In Libya, demonstrators shut down the El Sharara oil field and the oil port of Brega, calling on the Government of National Unity to step aside in favor of the government led by Fathi Bashagha. In the Murzuq province, a rare Islamic State attack involved an IED explosive targeting the Haftar-affiliated Tariq Ibn Ziyad Brigade.
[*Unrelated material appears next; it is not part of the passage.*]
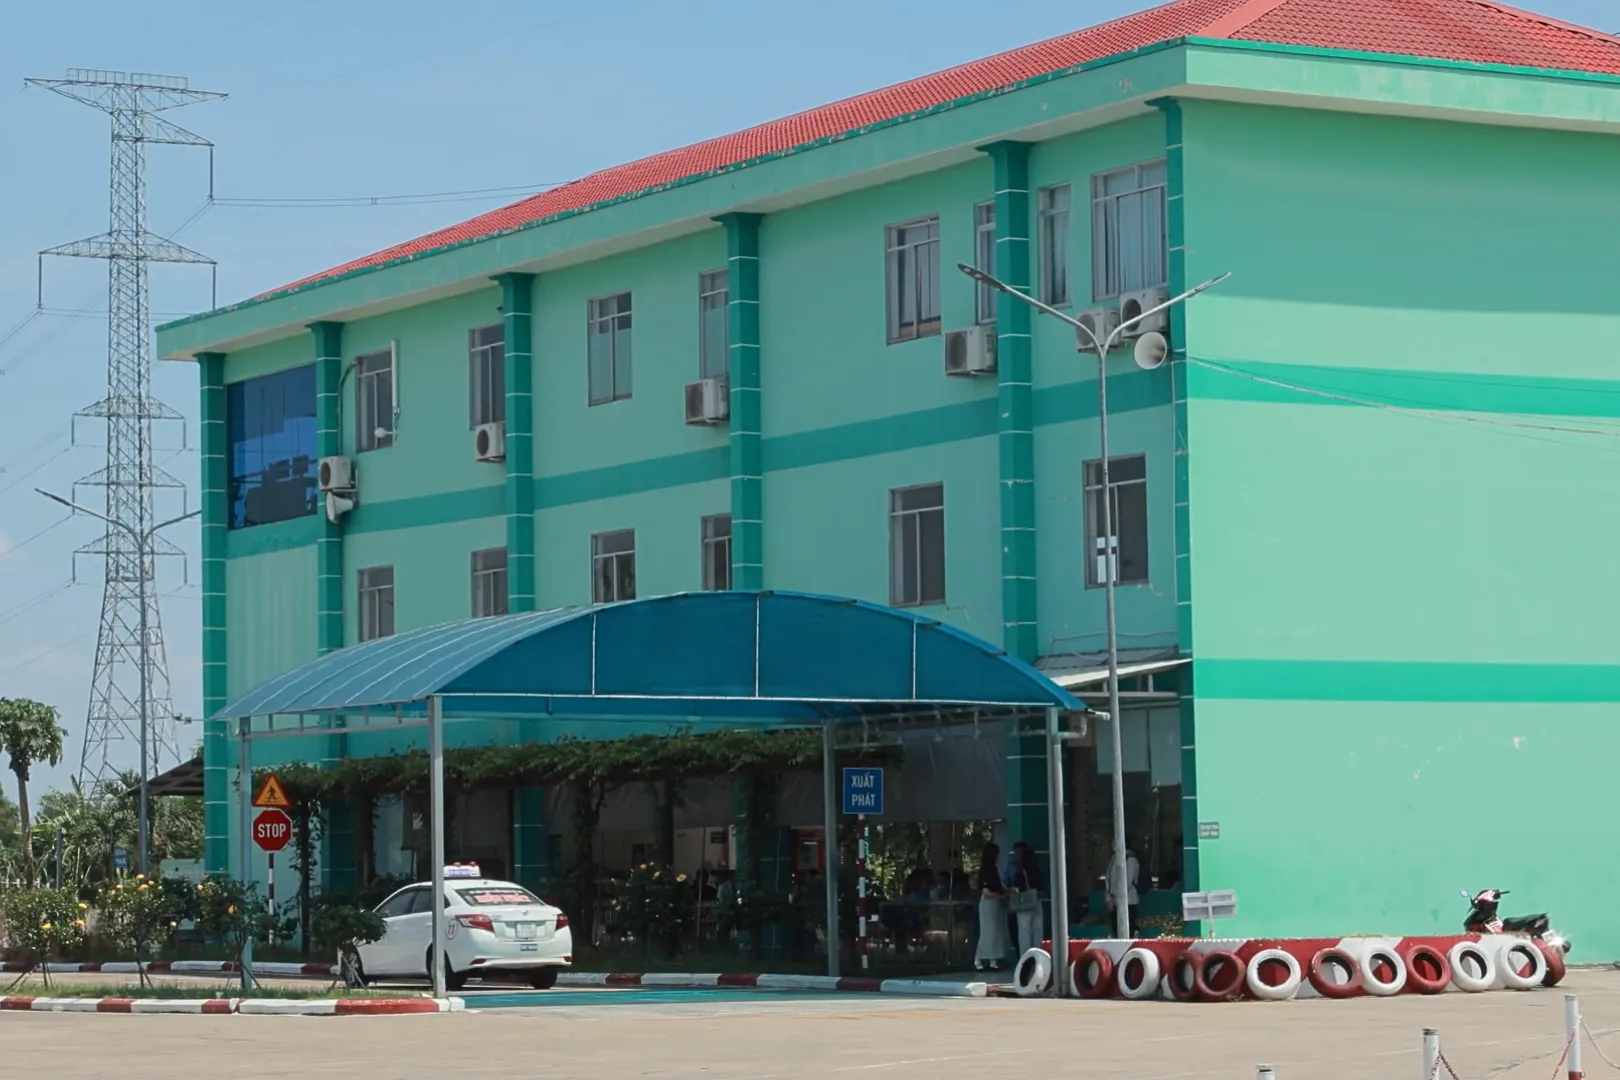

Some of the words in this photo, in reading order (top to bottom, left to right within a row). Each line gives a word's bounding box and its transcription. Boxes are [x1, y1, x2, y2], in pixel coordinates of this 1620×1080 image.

[851, 771, 875, 788] XUẤT
[851, 792, 876, 807] PHÁT
[258, 823, 286, 838] STOP
In the Democratic Republic of Congo (DRC), violent events peaked in Ituri province, leading to widespread displacement. A joint operation between FARDC, Ugandan forces (UPDF), and peacekeepers (MONUSCO) took control of ADF strongholds in the Mount Hoyo area following aerial and ground offensives. Moreover, factions of the Cooperative for the Development of the Congo (CODECO) attacked and killed many civilians in Djugu territory. In Aru territory, communal violence erupted over a boundary dispute, leaving numerous fatalities. Violent events in Ituri province tend to comprise a quarter of the total events in DRC, rising to nearly half of the total disorder last week. Lastly, peace talks between the DRC government and armed groups started in Nairobi but renewed fighting in Rutshuru territory led to the expulsion of the March 23 Movement (M23) representatives after the first day (Africa News, 25 April 2022).
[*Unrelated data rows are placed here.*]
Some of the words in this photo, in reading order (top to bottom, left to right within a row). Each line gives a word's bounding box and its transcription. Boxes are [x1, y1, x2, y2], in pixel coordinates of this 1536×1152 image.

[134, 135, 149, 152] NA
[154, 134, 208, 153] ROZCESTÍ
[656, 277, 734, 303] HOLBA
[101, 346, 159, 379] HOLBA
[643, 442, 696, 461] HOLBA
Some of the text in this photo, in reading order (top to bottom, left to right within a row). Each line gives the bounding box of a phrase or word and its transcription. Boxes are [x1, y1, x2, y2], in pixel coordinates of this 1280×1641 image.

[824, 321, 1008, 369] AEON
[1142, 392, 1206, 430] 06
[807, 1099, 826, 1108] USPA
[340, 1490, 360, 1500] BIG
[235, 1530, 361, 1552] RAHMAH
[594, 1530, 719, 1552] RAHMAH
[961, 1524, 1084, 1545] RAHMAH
In Kenya, supporters from several political parties disrupted voting in primaries, discontent with missing names from registers, methods used for selecting candidates, and voting irregularities. In neighboring Somalia, Al Shabaab militants clashed with government and international forces, with a 186% increase in violence in the Bakool region as flagged by ACLED’s Subnational Surge or Threat Tracker. Militants claimed attacks on government officials at the Villa Hargeisa complex in Banadir and near Xaanshooley village in Middle Shabelle, leaving two officials injured and two soldiers killed. A suicide bombing left four people killed in Mogadishu during a meeting between a police commander and members of Dhulbahante clan. Special forces carried out operations against Al Shabaab militants at hideouts in Galgaduud and Mudug in Galmudug state, with forces regaining multiple territories.
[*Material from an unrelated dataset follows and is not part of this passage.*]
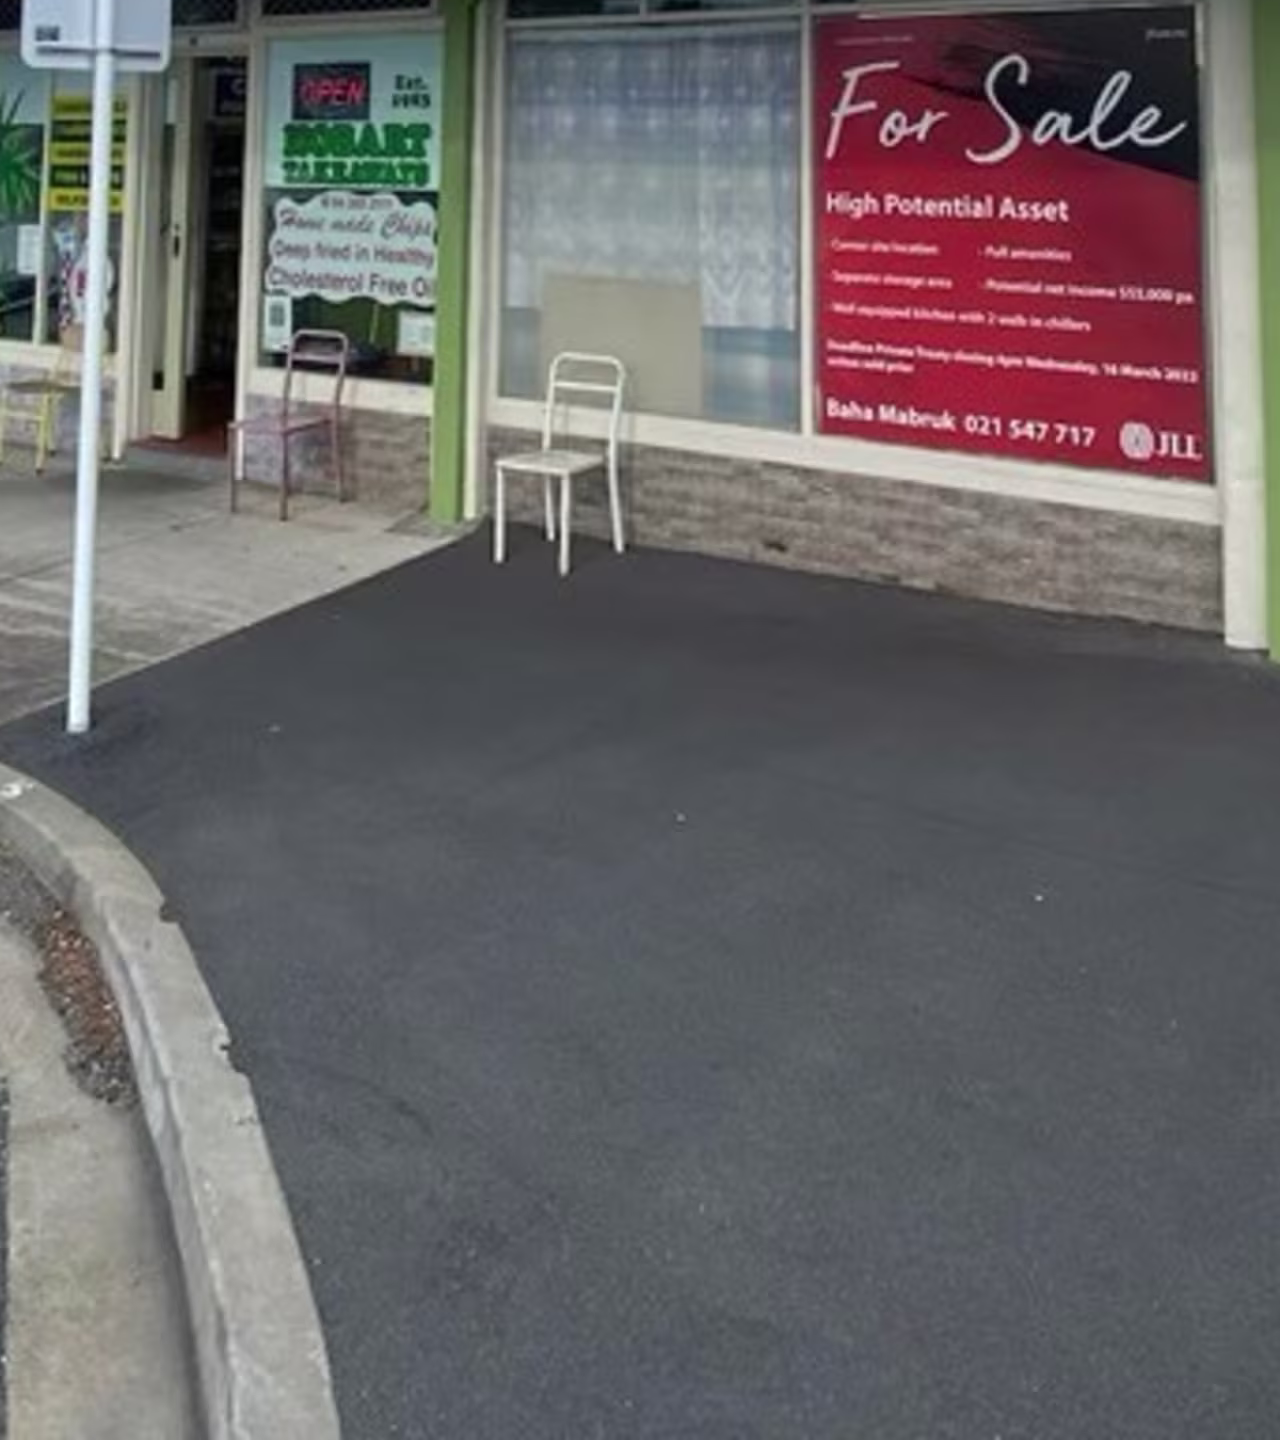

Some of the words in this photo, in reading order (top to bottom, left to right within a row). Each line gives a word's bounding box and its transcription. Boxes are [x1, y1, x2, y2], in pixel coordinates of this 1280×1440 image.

In Sudan, presumed Rizeigat armed pastoralists clashed with a Masalit militia in Kreinik town in the volatile West Darfur state. The fighting followed an attack against pastoralists, with clashes escalating to other parts of the state, leaving scores killed and thousands displaced (Al Jazeera, 24 April 2022). An increase of 126% in violence in West Darfur was flagged by ACLED’s Subnational Threat Tracker. In South Sudan, violence continued within Unity state, with suspected youth from Leer county accused of attacking civilians in Mayendit county. Ongoing violence by armed youth militias in Leer, Mayendit, and Koch counties resulted in dozens of fatalities in recent months (UNMISS, 25 April 2022), likely a proxy war between the government and Sudan People’s Liberation Movement – In Opposition (SPLM-IO) rebels, with forces from the SPLM-IO Kitgweng faction expanding their presence at the expense of SPLM-IO rebels loyal to Riek Machar (Juba Echo, 14 February 2022). In Upper Nile state, government forces and SPLM-IO rebels accused each other of attacks in Maban county. The leader of SPLM-IO Kitgweng recalled his advance team from Juba due to delays in the implementation of the Khartoum Peace Agreement and the exclusion of Kitgweng forces in recent appointments for senior security positions (Radio Tamazuj, 19 April 2022), in a move that portends further instability in Unity and Upper Nile states.